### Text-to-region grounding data
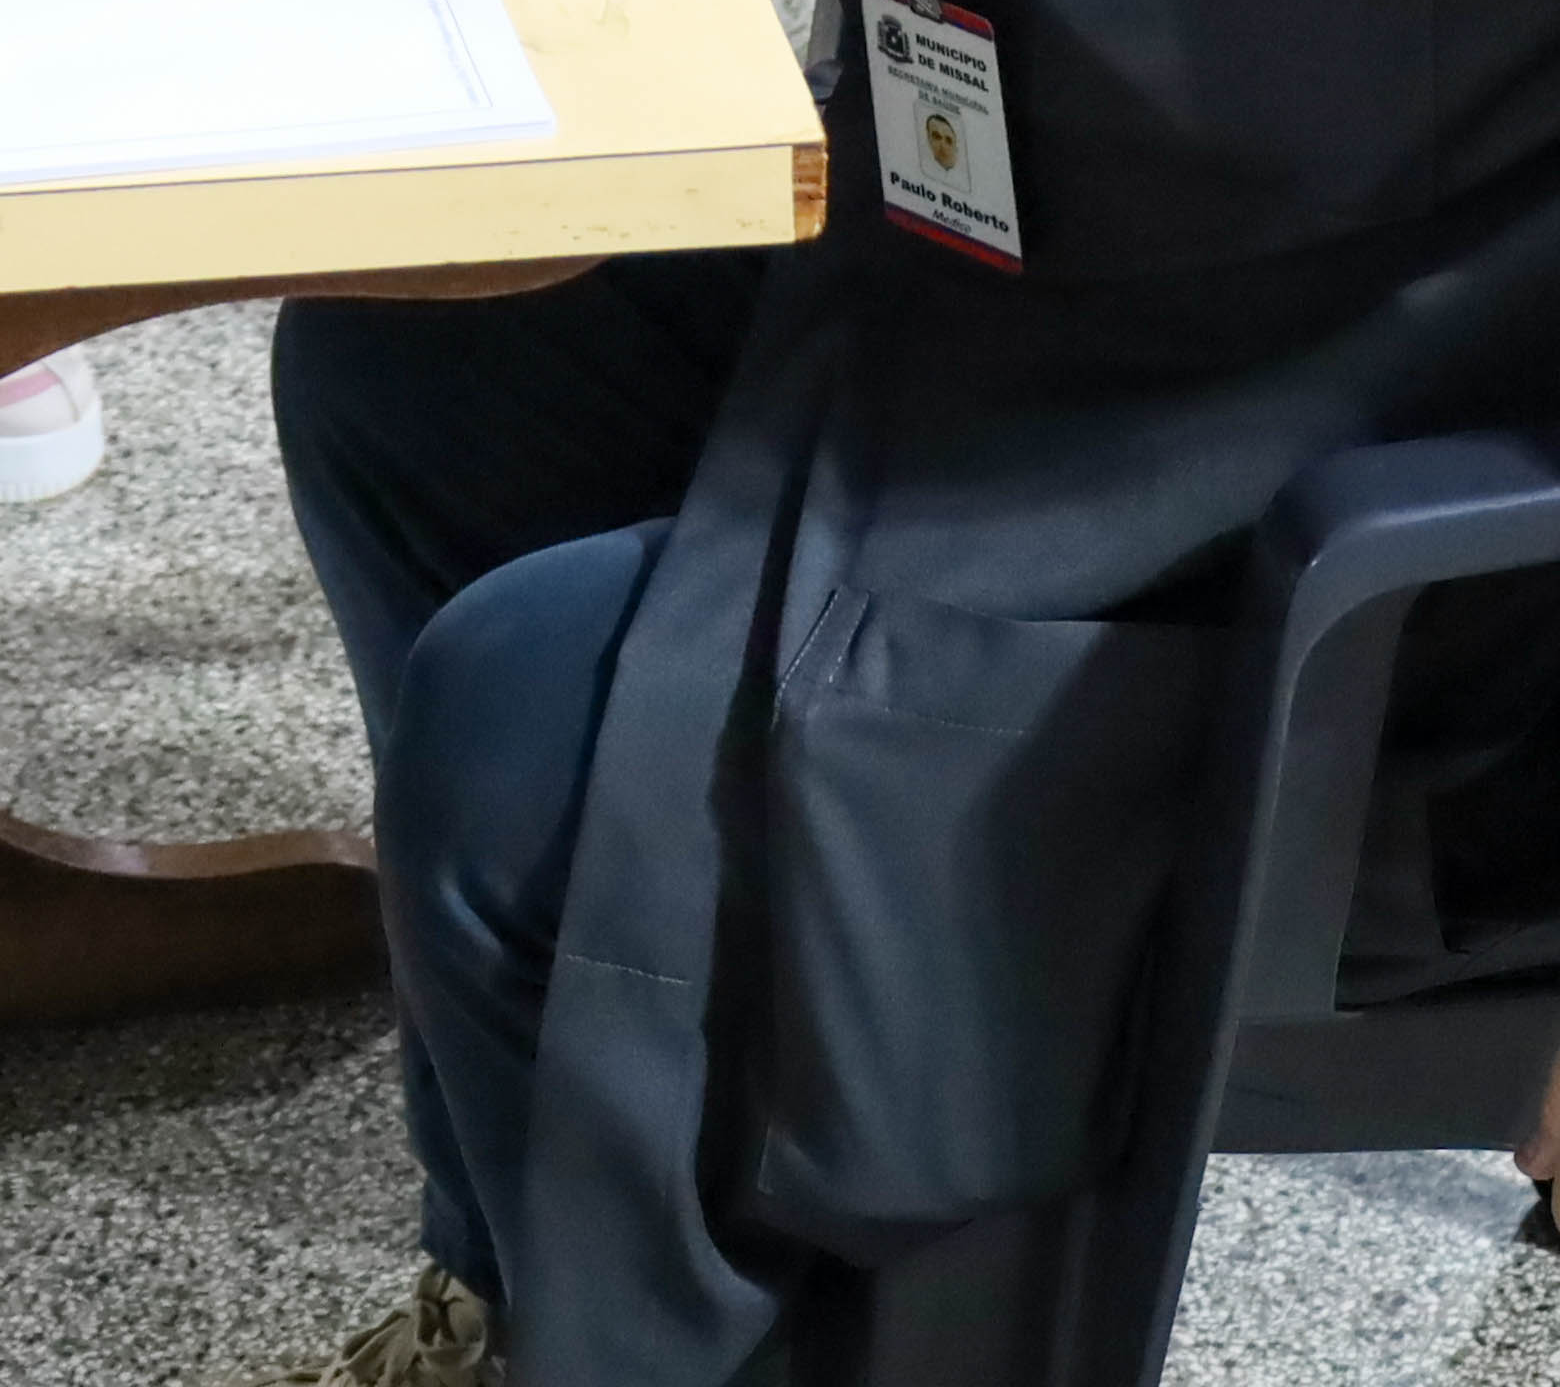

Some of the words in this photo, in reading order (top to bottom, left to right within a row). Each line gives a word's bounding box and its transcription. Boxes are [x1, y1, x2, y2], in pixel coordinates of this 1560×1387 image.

[918, 53, 935, 69] DE
[939, 62, 989, 93] MISSAL
[890, 171, 937, 203] Paulo
[941, 190, 1010, 234] Roberto

### Exercise details
Omit every picture, and otherwise quote the entries exactly.

### Answer to this problem
Some of the words in this photo, in reading order (top to bottom, left to right within a row). Each line gives a word's bounding box and its transcription. Boxes are [x1, y1, x2, y2], in pixel coordinates of this 1560×1387 image.

[918, 53, 935, 69] DE
[939, 62, 989, 93] MISSAL
[890, 171, 937, 203] Paulo
[941, 190, 1010, 234] Roberto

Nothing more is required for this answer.